Leitsatz
Ein Investitionsabzugsbetrag kann gemäß § 7g Abs. 3 Satz 1 EStG nachträglich im Jahr seines Abzugs rückgängig gemacht werden, wenn der Steuerpflichtige im späteren Jahr der Investition zwar den (innerbilanziellen) Abzug von 40 % der Anschaffungskosten vornimmt, es aber unterlassen hat, den in einem Vorjahr abgezogenen Investitionsabzugsbetrag außerbilanziell hinzuzurechnen, und das FA auf dieser Grundlage den – nicht mehr änderbaren – Steuerbescheid für das Jahr der Investition erlassen hat.
Normenkette
§ 7g Abs. 3 EStG
Sachverhalt
Der Kläger erzielt Einkünfte aus Gewerbebetrieb.

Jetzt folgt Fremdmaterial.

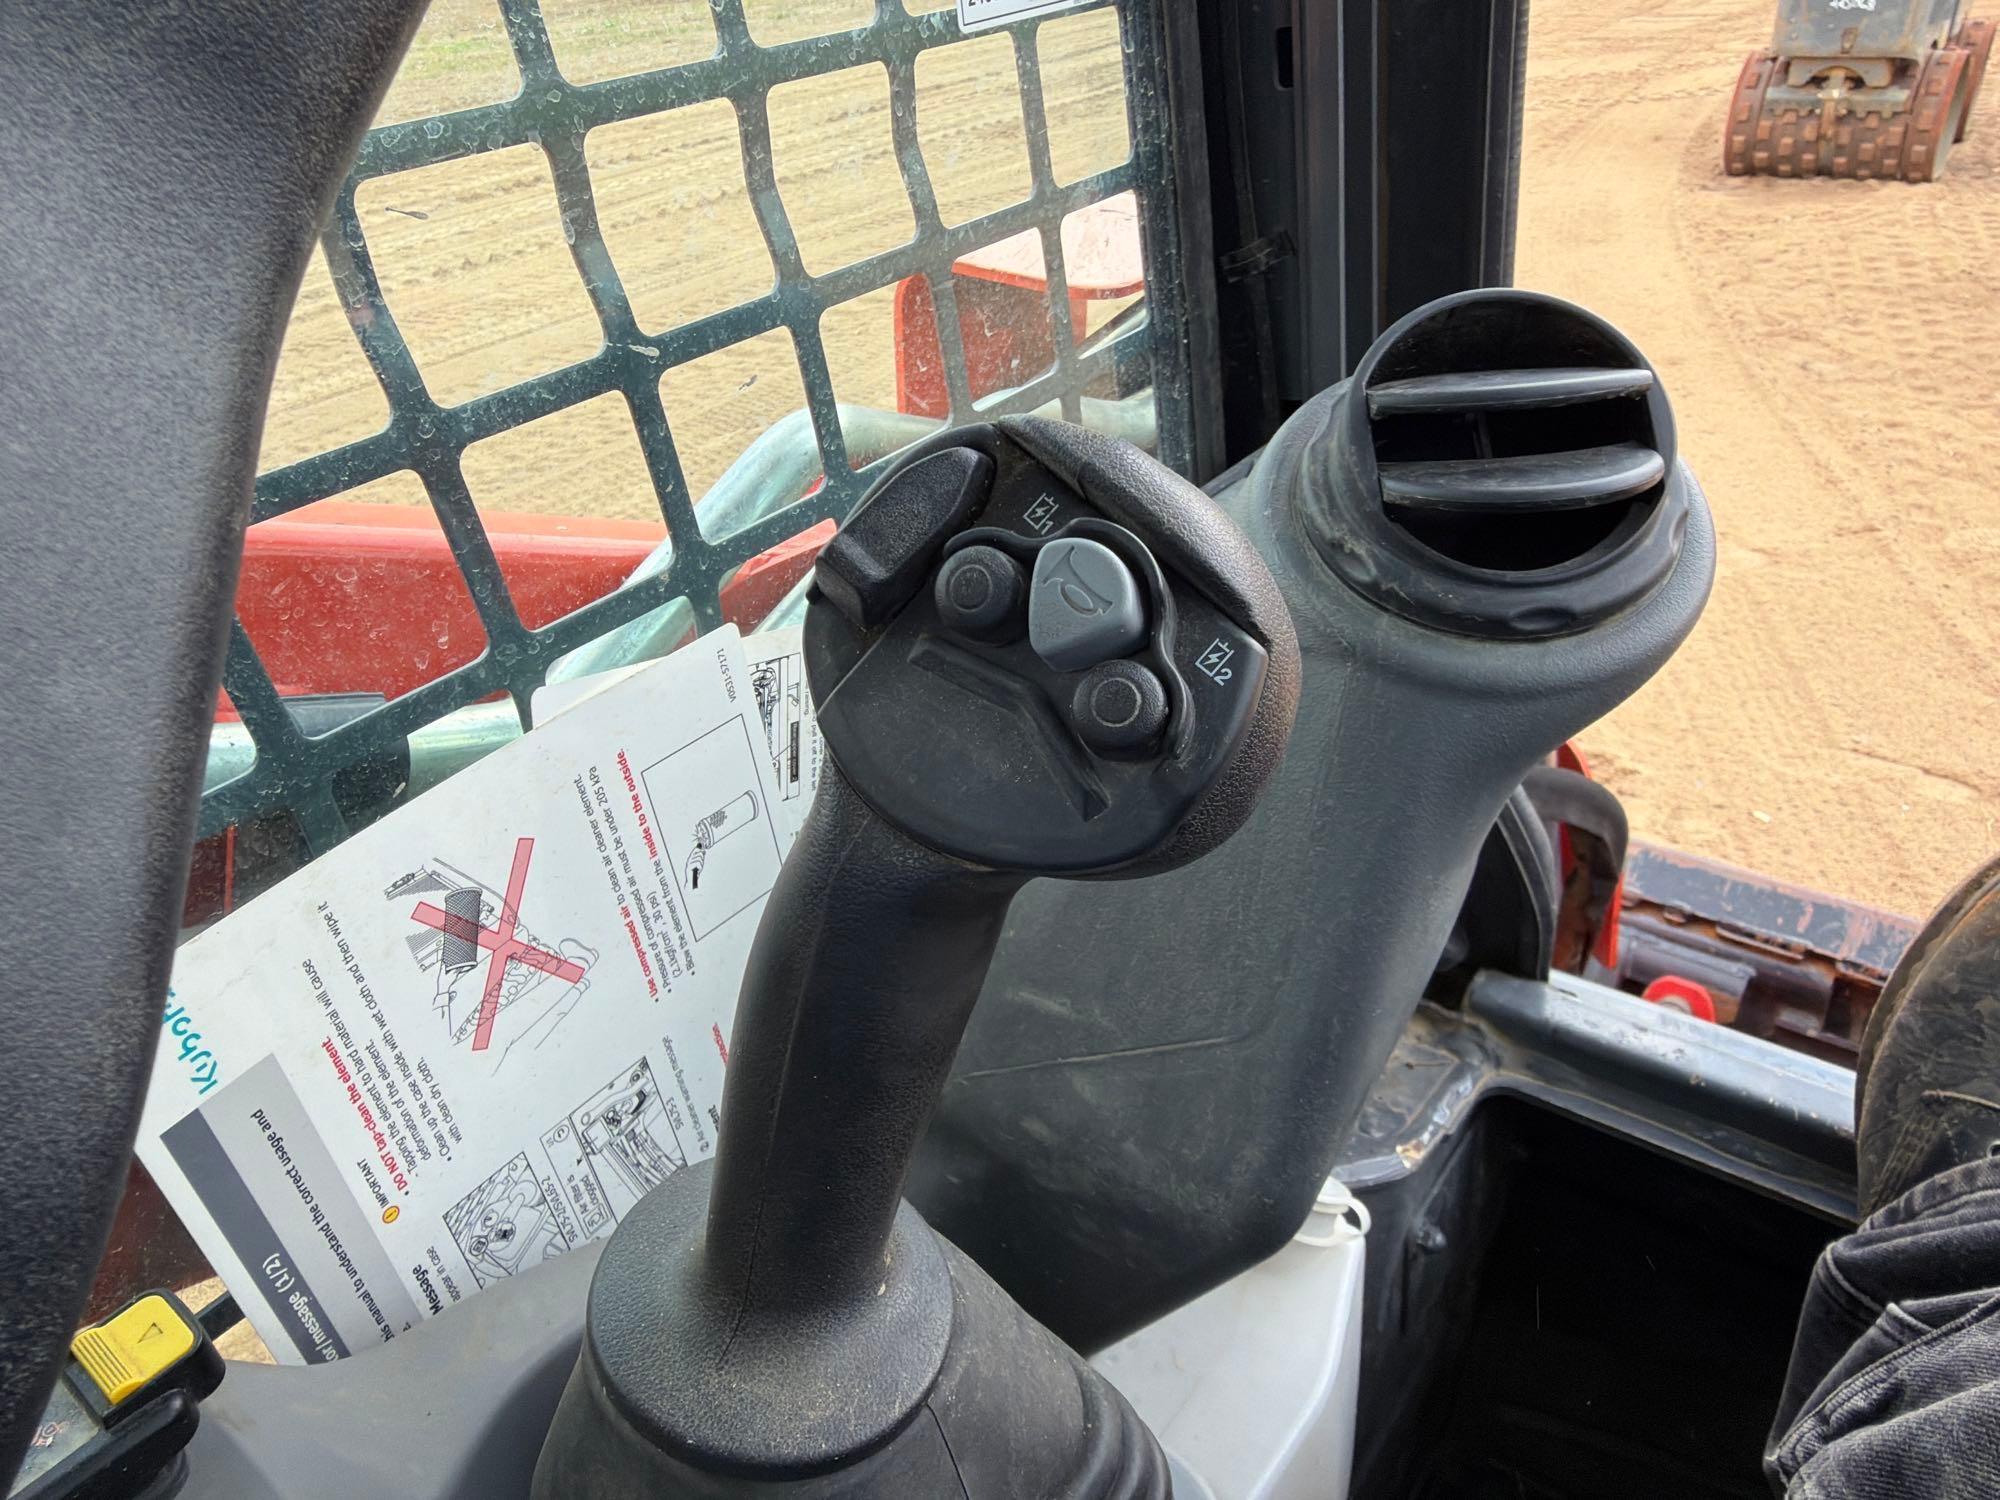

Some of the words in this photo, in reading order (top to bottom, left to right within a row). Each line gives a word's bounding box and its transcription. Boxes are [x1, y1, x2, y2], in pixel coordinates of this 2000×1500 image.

In seiner Gewinnermittlung für das Streitjahr 2008 machte er einen außerbilanziellen Investitionsabzugsbetrag geltend. Im Jahr 2009 erwarb der Kläger einige Wirtschaftsgüter und minderte deren Anschaffungskosten innerbilanziell um jeweils 40 %. Dies entsprach der Höhe des im Vorjahr geltend gemachten Investitionsabzugsbetrags.
Die in § 7g Abs. 2 Satz 1 EStG 2008 vorgesehene außerbilanzielle Hinzurechnung des Investitionsabzugsbetrags unterblieb hingegen. Das FA veranlagte den Kläger sowohl für 2008 als auch für 2009 erklärungsgemäß und ohne Vorbehalt der Nachprüfung.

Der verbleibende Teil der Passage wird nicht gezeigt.